Well, we were hungry, but also a bit hesitant to join the monks for food. The elderly monk saw through our hesitation. He simply smiled at us, went inside the kitchen and brought us two plates of Khichdi. A couple of young monks came to me, held my hands and made me sit with them to have the food. I wondered if it was a dream! It felt so surreal – we were having a very early dinner (it was almost 6 PM) with little monks and listening to their happy chatters. If you looked closely, you might have found my eyes glistening. And now, I am being so emotional!
We dined with the monks, cleaned dishes with them and then returned to Tsazar. Our penultimate day in Zanskar Valley could not have been any better.
Day 9: Tsazar (Padum) to Rangdum
It was the day to bid goodbye to Tsazar. By the time we were starting, many from the village came to bid us farewell. It was such an overwhelming feeling.
Goodbyes are not bad. It holds the promise of Returning.
Passes and Glaciers
We started from Tsazar in Zanskar Valley and crossed the Drang Drung Glacier, the second largest glacier in the country after Siachen glacier.

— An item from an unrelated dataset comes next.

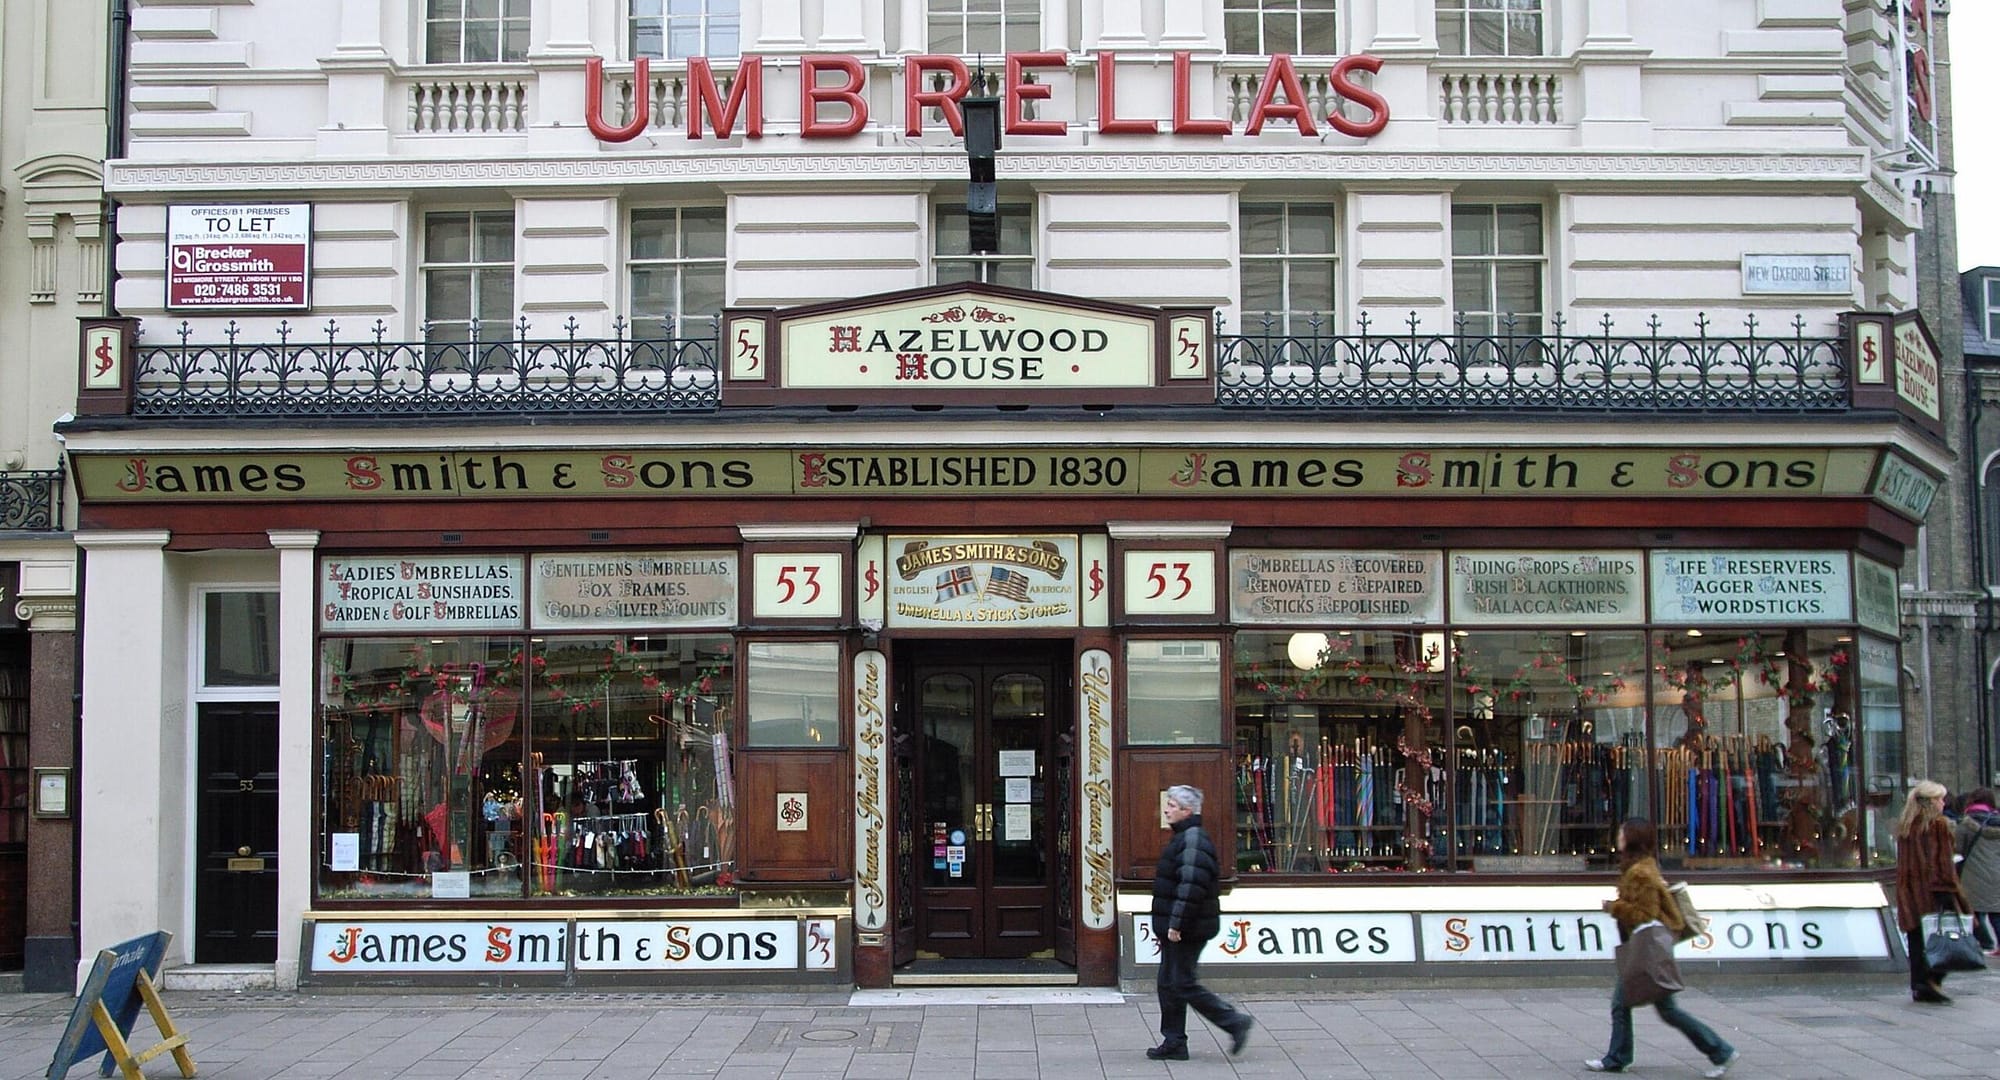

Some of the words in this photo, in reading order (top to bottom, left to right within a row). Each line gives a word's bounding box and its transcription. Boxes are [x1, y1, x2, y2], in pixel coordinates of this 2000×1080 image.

Next, we also crossed Penzi La Pass that connects Zanskar Valley and Suru Valley. We were almost at the end of Zanskar valley. We reached Rangdum by late afternoon and stayed at Rangdum Guest House. Here we met Skalzan’s brother, who was quite happy to meet us. He could not stop gushing about his sister. He was going to Kargil for work.
It was coldest at Rangdum. It was here where we found frozen water pipes and severe cold winds. We had an early dinner for us and a nice relaxing sleep before we started towards Kargil the next day.
Day 10: Entering Suru Valley
Suru Valley is just beautiful and different from Zanskar Valley. It was greener and lusher in contrast to the stark landscape of Zanskar Valley. We crossed the twin lakes, got a glimpse of the Nun-Kun peaks and finally reached Kargil. But we leave that for another tale.
There are some places that simply take your breath away with its beauty and charm. And there are some places where we fall in love because of the people. Zanskar Valley falls in both the categories. We spent 10 days in Zanskar Valley and never for once felt we were away from home.
It was the adventure, the unexpectedness and the warmth of people that made this trip one of the most memorable. While we brought back great memories from Zanskar Valley, we also left a part of us there, a place we have fallen in love with irrevocably. Zanskar Valley was much more that we had expected!